As teachers return in September, we have carefully planned our initial weeks bursting full of the rich language of poetry. Why poetry? We want to hear the voices of our pupils loud and clear once more – ensuring every child recognises the importance of what they have to tell us. With a carefully selected array of poetry (paying attention to supporting teachers’ subject knowledge of apt poems), we will read, listen and write poems.
We are excited about the opportunities our poetry planning offers. Pupils, teachers – and even parents – will all get a chance to be a poet.
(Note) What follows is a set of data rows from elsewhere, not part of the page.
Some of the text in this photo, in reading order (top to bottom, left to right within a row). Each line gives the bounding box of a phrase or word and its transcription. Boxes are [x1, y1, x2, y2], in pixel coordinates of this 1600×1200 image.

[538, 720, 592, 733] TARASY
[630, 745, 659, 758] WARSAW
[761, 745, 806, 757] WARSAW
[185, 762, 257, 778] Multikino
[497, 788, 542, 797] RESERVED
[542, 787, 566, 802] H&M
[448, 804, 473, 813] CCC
Our very own printed publication awaits!
When assessment is sensitively matched to the curriculum content, we ensure that assessment is truly diagnostic and useful.
But what about assessment?
Understandably, a lot of attention has been given over to how pupils return to school routines, but also how we will assess them upon their return. School leadership and teachers move to consider concerns about lost learning. At Greetland, we want to combine the promise of our curriculum offer – poetry and much more – with sensitive attention to assessing our pupils’ individual needs on their return.
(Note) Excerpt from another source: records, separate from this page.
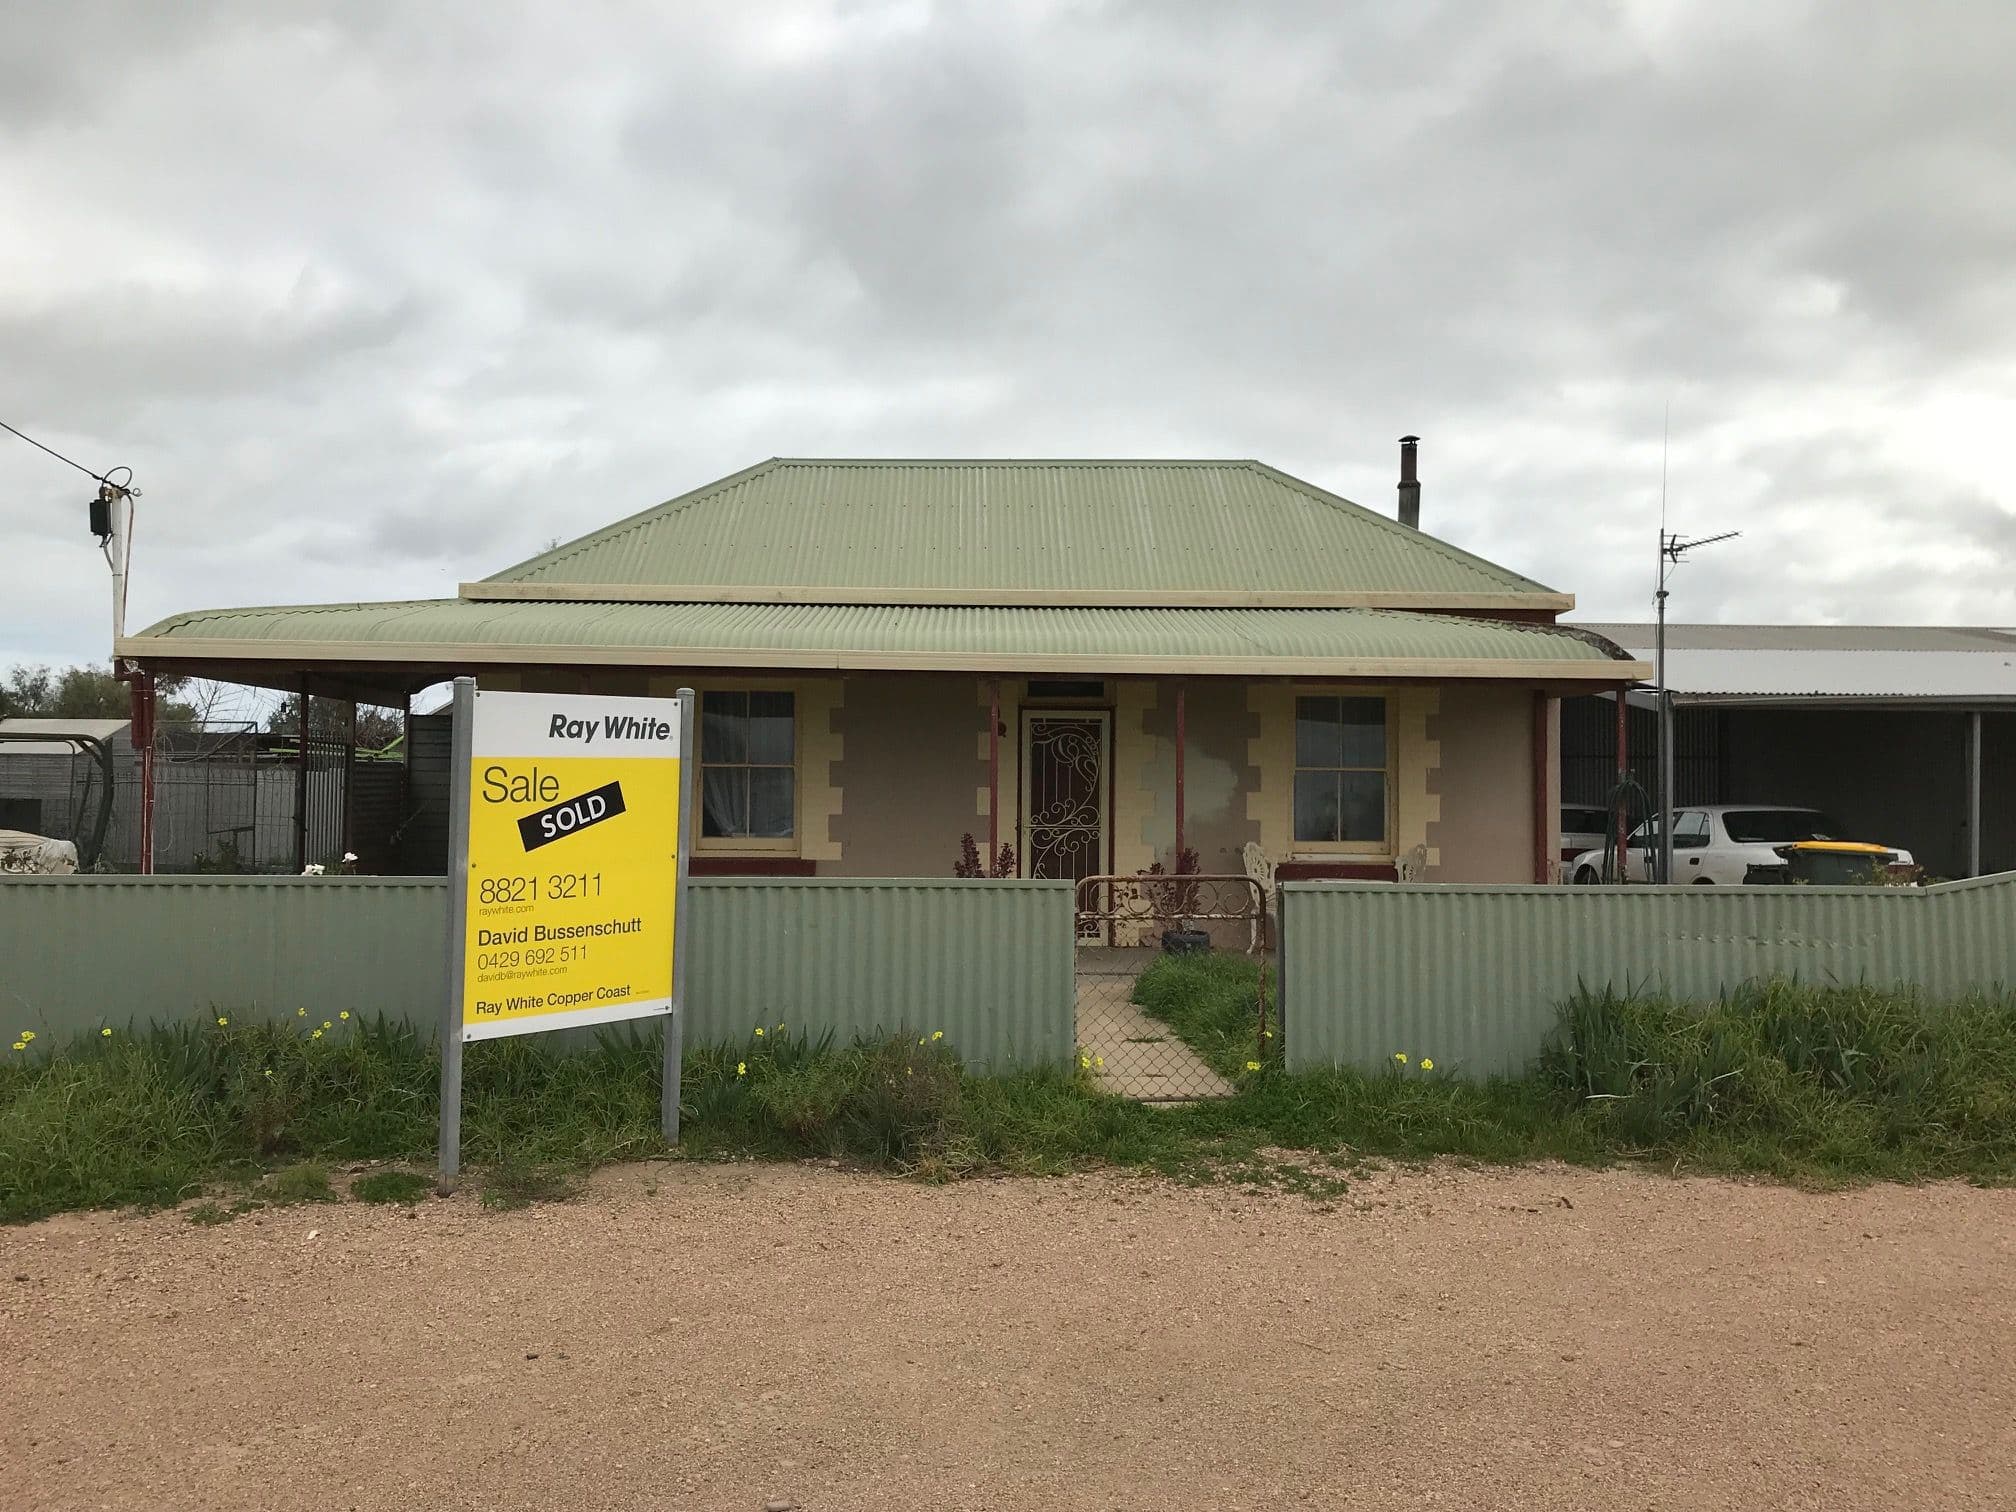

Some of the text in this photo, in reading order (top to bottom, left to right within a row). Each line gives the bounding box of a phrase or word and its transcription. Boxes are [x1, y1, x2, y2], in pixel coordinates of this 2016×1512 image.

[549, 714, 671, 743] Ray White
[482, 766, 560, 803] Sale
[540, 795, 606, 838] SOLD
[480, 873, 601, 904] 8821 3211
[479, 904, 535, 917] raywhite.com
[478, 918, 642, 946] David Bussenschutt
[477, 945, 587, 970] 0429 692 511
[477, 966, 568, 983] davidb@raywhite.com
[476, 1001, 502, 1016] Ray
[506, 996, 544, 1010] White
[547, 991, 593, 1007] Copper
[596, 985, 631, 999] Coast
For our cohort, we know that speech, language and communication prove a significant barrier. A focus on reading and writing – utilising poetry and more – is central to our work (we are a national English Hub). For our pupils in the Early Years Foundation Stage, we use the WellComm baseline assessment to screen for any initial language issues (most of our Year 1 pupils have missed significant school time, so we will use this screening assessment for many of them too).
We will also balance this standardised assessment tool with diagnostic assessments rooted in their classroom. For example, whilst pupils write their poems, we may identify that their handwriting could be proving an issue, labelled as ‘transcription’ in the ‘Simple View of Writing’ (see p. 19 of the ‘Improving Literacy in Secondary School’ guidance report). Teachers, with training, will use the ‘Simple View of Reading’ quadrant and the ‘Simple View of Writing’ equivalent to help identify tricky areas on pupils return.
Another diagnostic assessment we have identified as meaningful and manageable for teachers at Greetland is to focus on the self-regulation of our pupils. As such, we have identified diagnostic assessments like this ‘Independent behaviours: teacher assessment’ tool. Alongside this, we have utilised Perkin’s ‘Four Levels of Metacognitive Learner’. For us, self-regulation attends their emotions but also their academic learning. So, teachers can undertake structured conversations as their pupil is composing a new poem. In doing so, there is a meaningful assessment as part of effective teaching practice.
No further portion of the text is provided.